Worth noting is that the volatility of portfolio A (10.7%) is significantly lower than that of portfolio B (15.4%); portfolio A also exhibits a much smaller drawdown. Resulting in large part from this risk profile, portfolio A finishes the 20-year decumulation period with $1.4 million more than portfolio B.

Also noteworthy is the timing of the drawdowns. Portfolio B experiences its largest drawdown (34%) in its first year, while Portfolio B doesn’t experience its largest until year 13. Having experienced such a precipitous decline early in the decumulation phase, the portfolio is penalized by having a smaller base when the market finally begins to climb. The portfolio will of course still be exposed to the market’s subsequent positive returns, but will have less assets available to benefit from the growth, at a time when it can least afford to. This is the essence of sequence of returns risk.

Portfolio APortfolio B
Start DateJanuary 1950January 1974
S&P 500 Return398.7%398.7%
Volatility10.7%15.4%
Drawdown-23.5%-34.2%
 Decumulation Stats
Starting Value$1 million$1 million
Ending Value$2,252,657$473,704

Source: Bloomberg, June 2018

Generally speaking, the less volatility a portfolio experiences, the less exposed it is to sequence of returns risk. Accordingly, one of the primary ways that insurance companies seek to limit their exposure to sequence of returns risk is by managing their portfolio volatility.

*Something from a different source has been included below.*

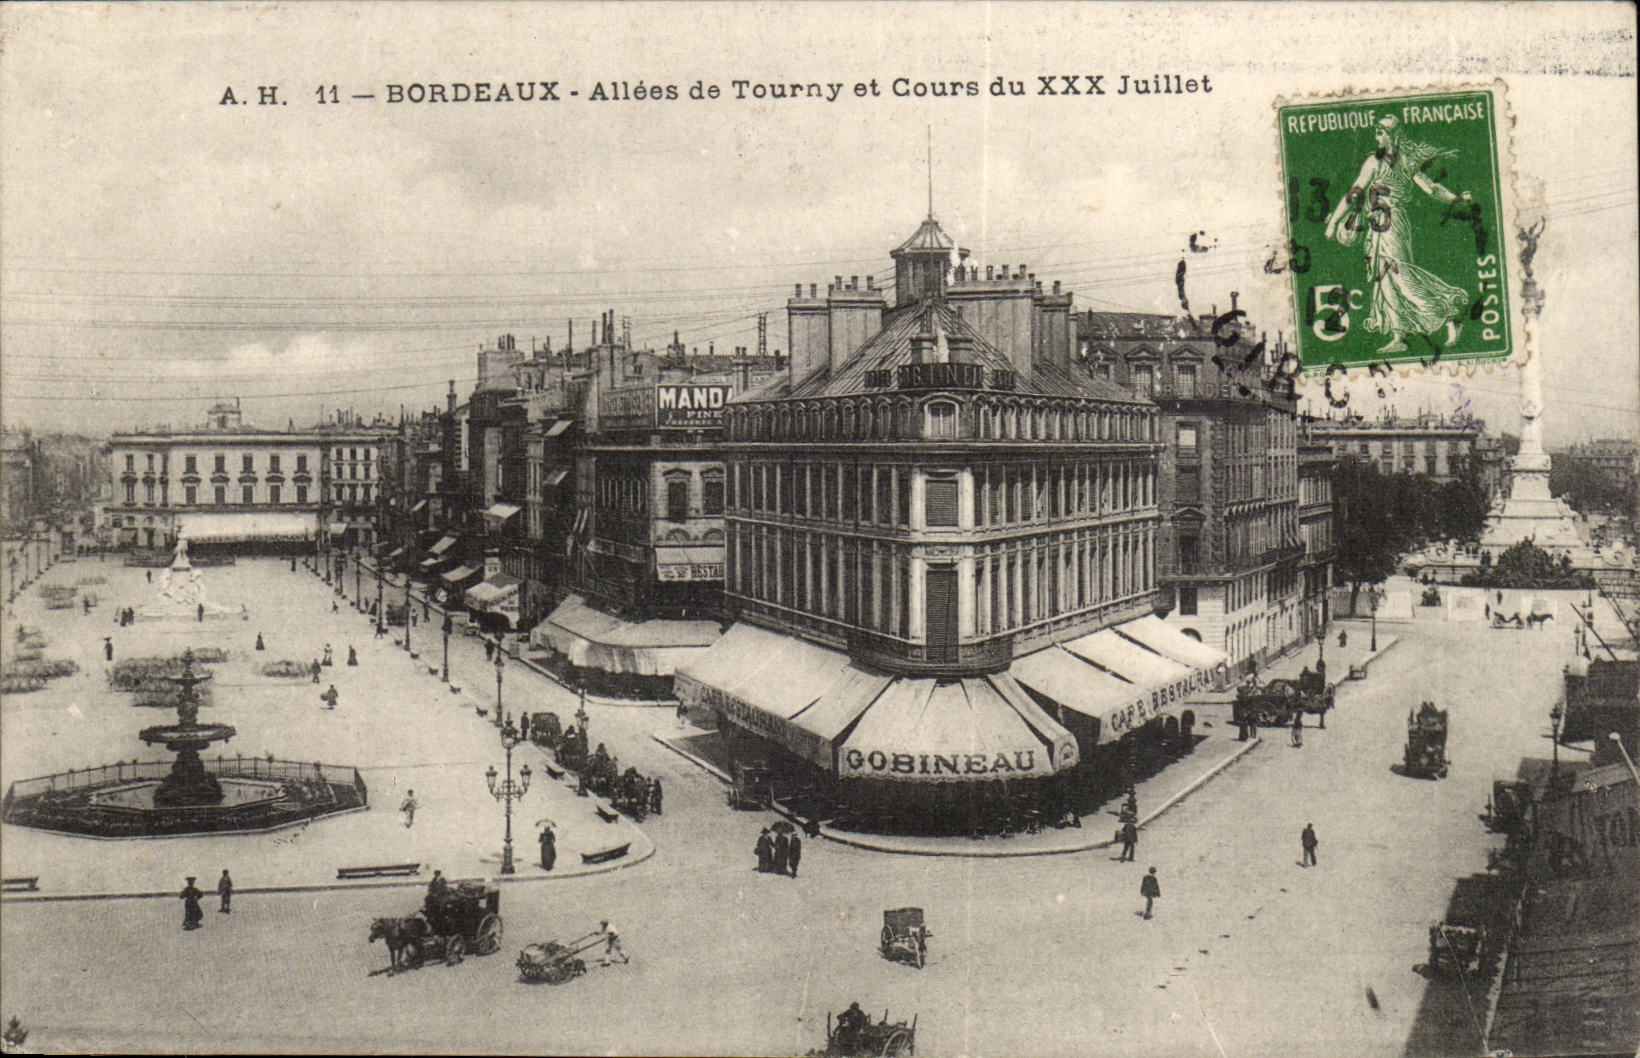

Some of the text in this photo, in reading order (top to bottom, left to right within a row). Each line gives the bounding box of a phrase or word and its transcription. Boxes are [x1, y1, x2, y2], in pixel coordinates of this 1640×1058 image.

[1402, 101, 1486, 125] FRANÇAISE
[1477, 254, 1501, 341] POSTES
[846, 749, 1034, 775] GOBINEAU

In the post-crisis era, a number of volatility-based strategies have emerged with the aim of offering investors equity exposure with less volatility. While they all have a focus on volatility, they’re not all created the same.

The “low” or “min vol” strategies that rely solely on stock selection may end up exhibiting lower volatility, but offer no explicit way to actually limit portfolio volatility. As such, they don’t offer the level or quality of risk management that is required by investors who rely on their assets to meet future liabilities, whether insurance companies, pensions, endowments or individual retirees.

Alternatively, a Managed Risk approach is another volatility-based strategy, but incorporates an explicit mechanism to prevent portfolio volatility from exceeding a predetermined threshold. Through the use of quantitative models that forecast volatility, equity exposure within the portfolio is dynamically changed with the aim of keeping overall portfolio volatility below its threshold.

[1] For decumulation phase, each portfolio begins with $1 million and takes annual withdrawals beginning with $60,000, taken on a monthly basis and increased 2.5% each year for inflation.